Quel est ce prince, à qui toutes les filles du royaume s’offrent comme épouse, et qui, comme par hasard, choisit Cendrillon, la seule qui se dérobe ? Il me semble que René Girard a parfaitement expliqué ce type de comportement. Tout comme ce roi veuf, qui pour se remarier, ne voit pas d’autre choix que le seul impossible : sa propre fille ; elle s’échappe recouverte d’une peau d’âne.

Quelle est cet étrange phénomène par lequel la Belle voit soudain dans la Bête un jeune homme charmant ? Serait-ce une conversion ? Serait-ce la révélation que la Bête, ce bouc émissaire qui fait la cohésion du village voisin, est dépourvue de la monstruosité que les villageois lui attribuent ?

A quoi fait penser la mélodie du joueur de flûte de Hamelin (Hameln pour les germanophiles), qui entraîne irrésistiblement dans la Weser tous les rats de la ville, puis tous les enfants ?

Et cette méchante Reine, déguisée en veille femme, incitant Blanche-Neige, qui d’abord refuse, à croquer la pomme ? Et comment lui en donne-t-elle envie ? En croquant elle-même, devant Blanche-Neige, une partie (non empoisonnée) de la pomme.

Et ce Petit Poucet, méprisé et raillé au sein de sa propre famille pour sa petite taille, et qui sera le sauveur, non seulement, de ses six frères mais aussi de ses parents, qui voulaient se débarrasser d’eux en les abandonnant dans la forêt ?

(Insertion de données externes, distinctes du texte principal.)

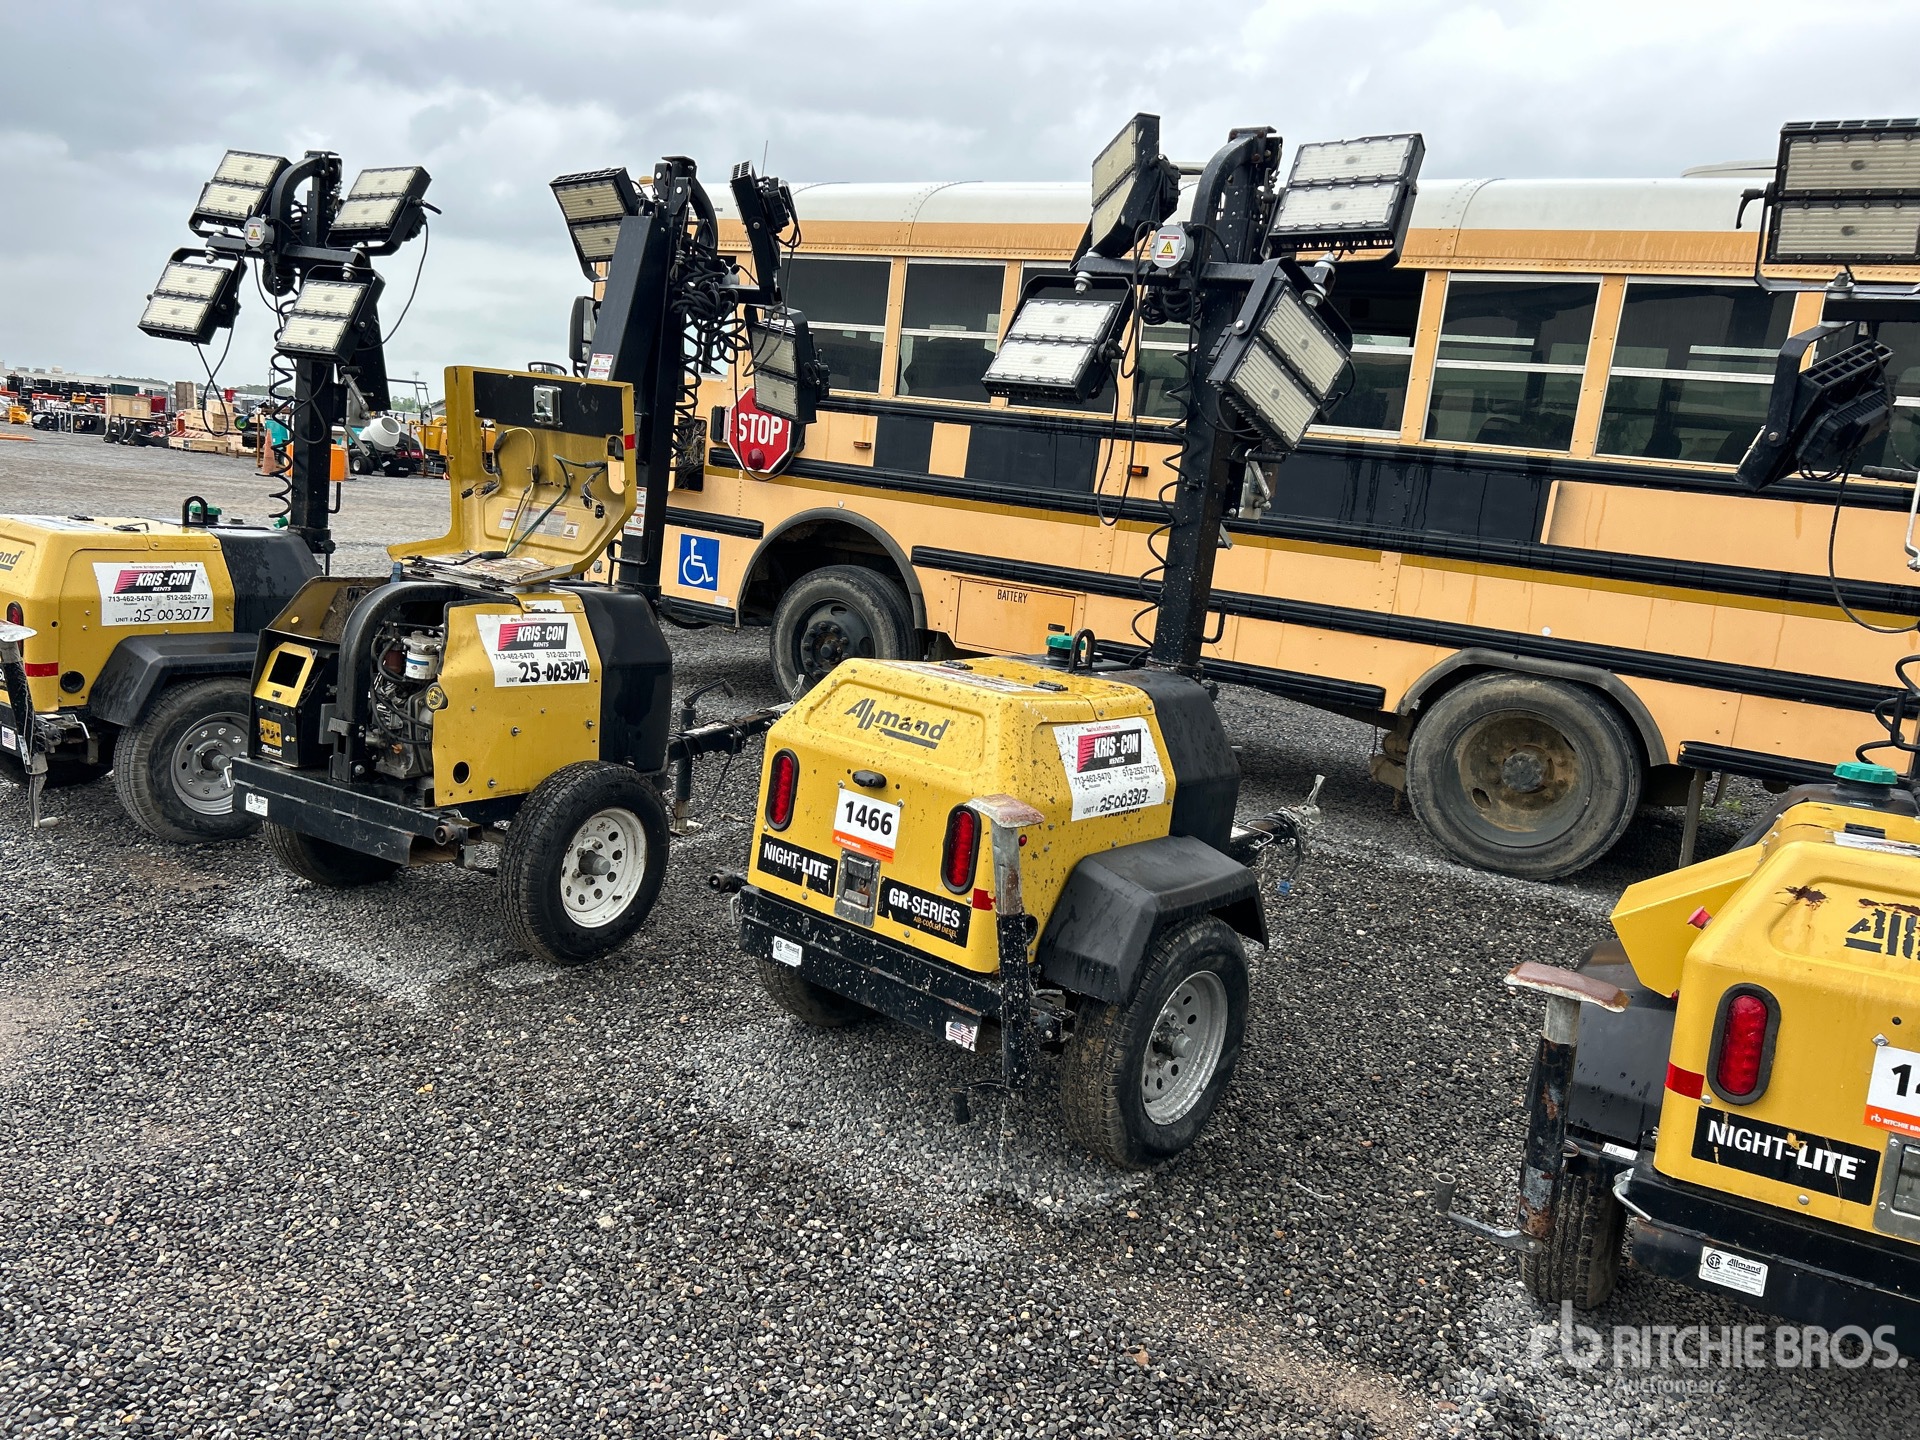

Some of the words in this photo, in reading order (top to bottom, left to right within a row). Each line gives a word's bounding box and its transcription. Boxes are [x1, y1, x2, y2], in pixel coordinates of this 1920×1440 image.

A quoi peut bien faire penser ce miroir, qui excite la jalousie de la Reine à l’égard de Blanche-Neige, qui lui révèle sa survie et l’endroit où elle se trouve quand la Reine la croit morte ?

Pourquoi le loup emploie-t-il un stratagème aussi complexe pour dévorer le petit Chaperon rouge ? Se substituer à la grand-mère ; contrefaire sa voix ; refermer la porte, obligeant ainsi la fillette à tirer la bobinette afin que chût la chevillette.  Grand et fort comme est le loup, il lui suffisait de l’attendre au coin du bois. Et en quoi est-il vraiment capable d’inventer une ruse aussi sophistiquée, lui que le Roman de Renard et toute la tradition populaire présente comme un imbécile ? Notre ami Charles (Perrault) tire la leçon : méfions-nous des apparences ; il aurait tout autant pu conclure : méfions-nous des imitations.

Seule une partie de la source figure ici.